## Problem to work on
The expected copy holds every entry exactly and none of the pictures.

## Data to use
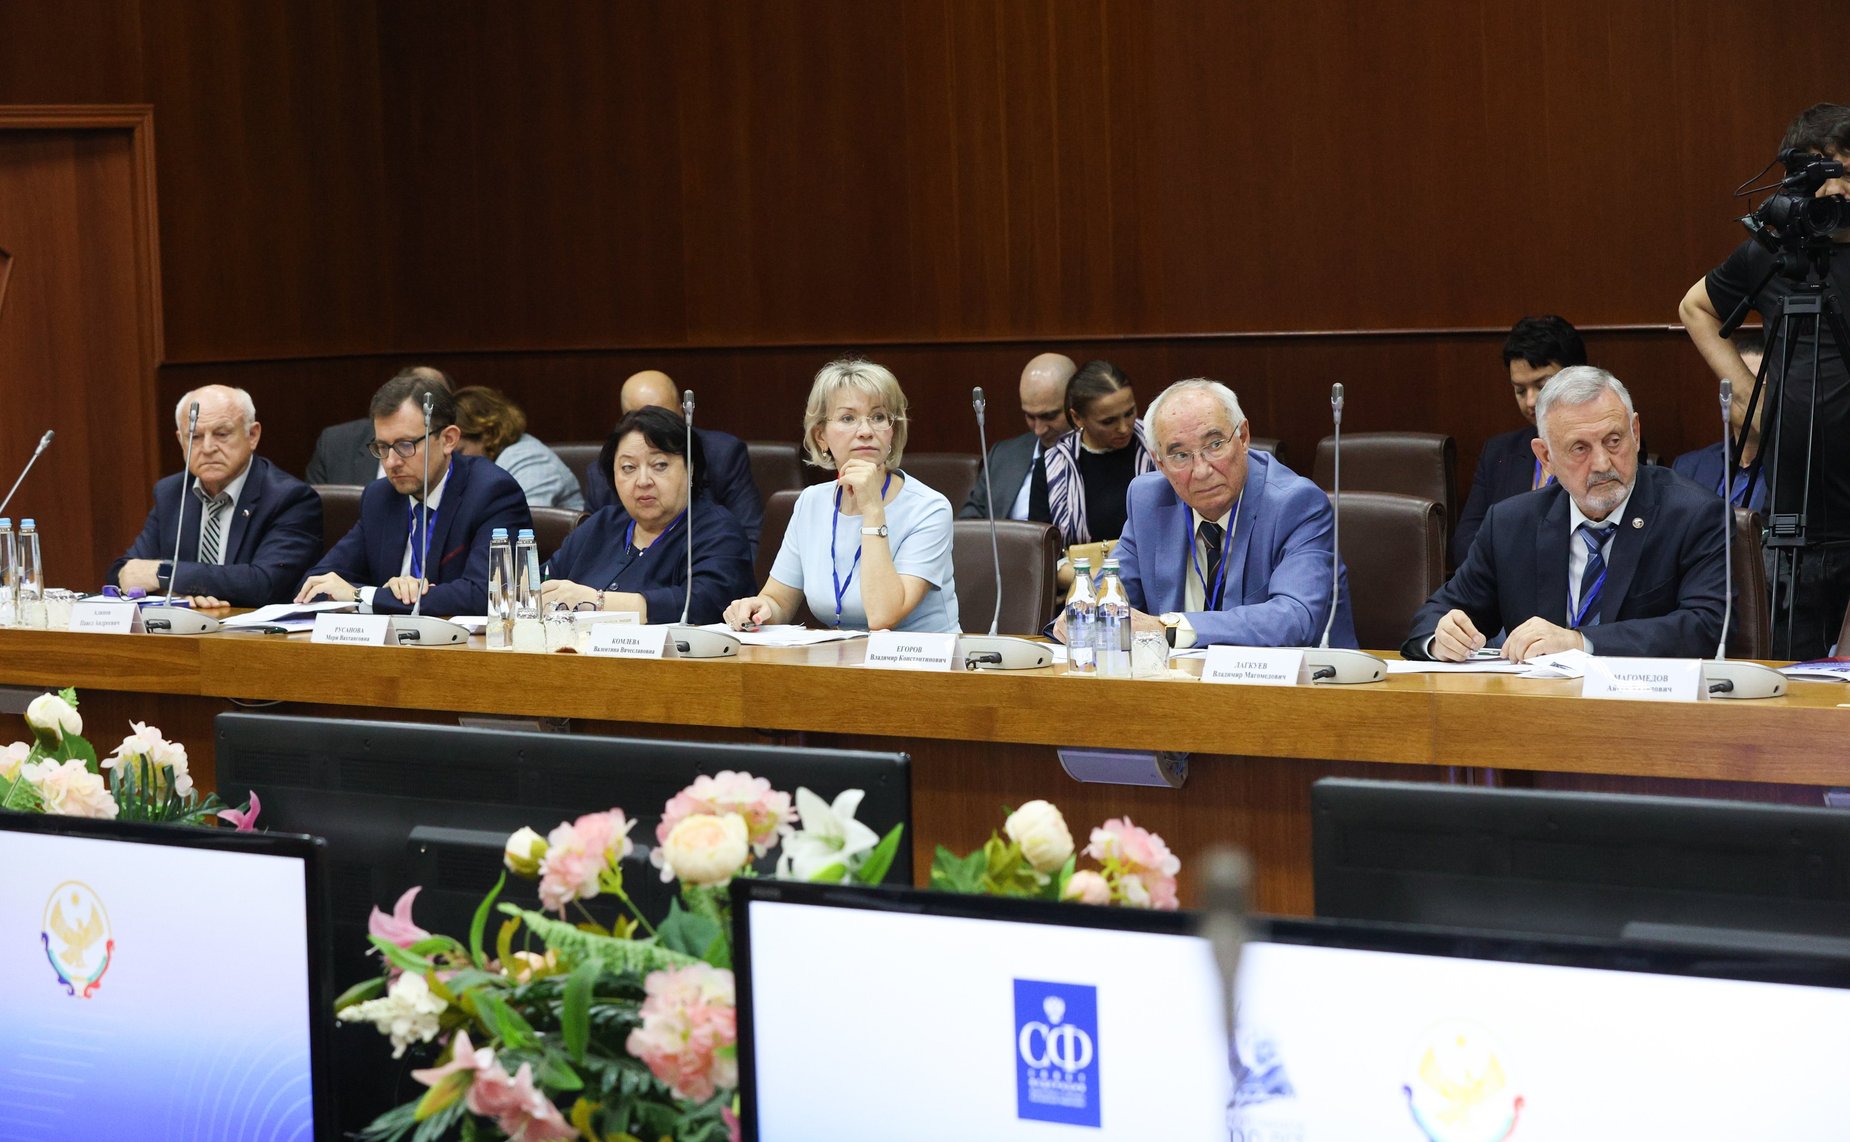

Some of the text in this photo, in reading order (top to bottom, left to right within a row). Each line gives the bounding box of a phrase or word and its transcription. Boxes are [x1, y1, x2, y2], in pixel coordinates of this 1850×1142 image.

[334, 626, 364, 634] РУСАНОВА
[593, 646, 620, 654] Валентина
[896, 645, 923, 653] ЕГОРОВ
[870, 654, 947, 663] Владимир Константинович
[1234, 661, 1268, 669] ЛАГКУЕВ
[1212, 670, 1287, 680] Владимир Магомедович
[1613, 674, 1669, 682] МАГОМЕДОВ
[1018, 1020, 1094, 1073] СФ

## Completed exercise
Some of the text in this photo, in reading order (top to bottom, left to right within a row). Each line gives the bounding box of a phrase or word and its transcription. Boxes are [x1, y1, x2, y2], in pixel coordinates of this 1850×1142 image.

[334, 626, 364, 634] РУСАНОВА
[593, 646, 620, 654] Валентина
[896, 645, 923, 653] ЕГОРОВ
[870, 654, 947, 663] Владимир Константинович
[1234, 661, 1268, 669] ЛАГКУЕВ
[1212, 670, 1287, 680] Владимир Магомедович
[1613, 674, 1669, 682] МАГОМЕДОВ
[1018, 1020, 1094, 1073] СФ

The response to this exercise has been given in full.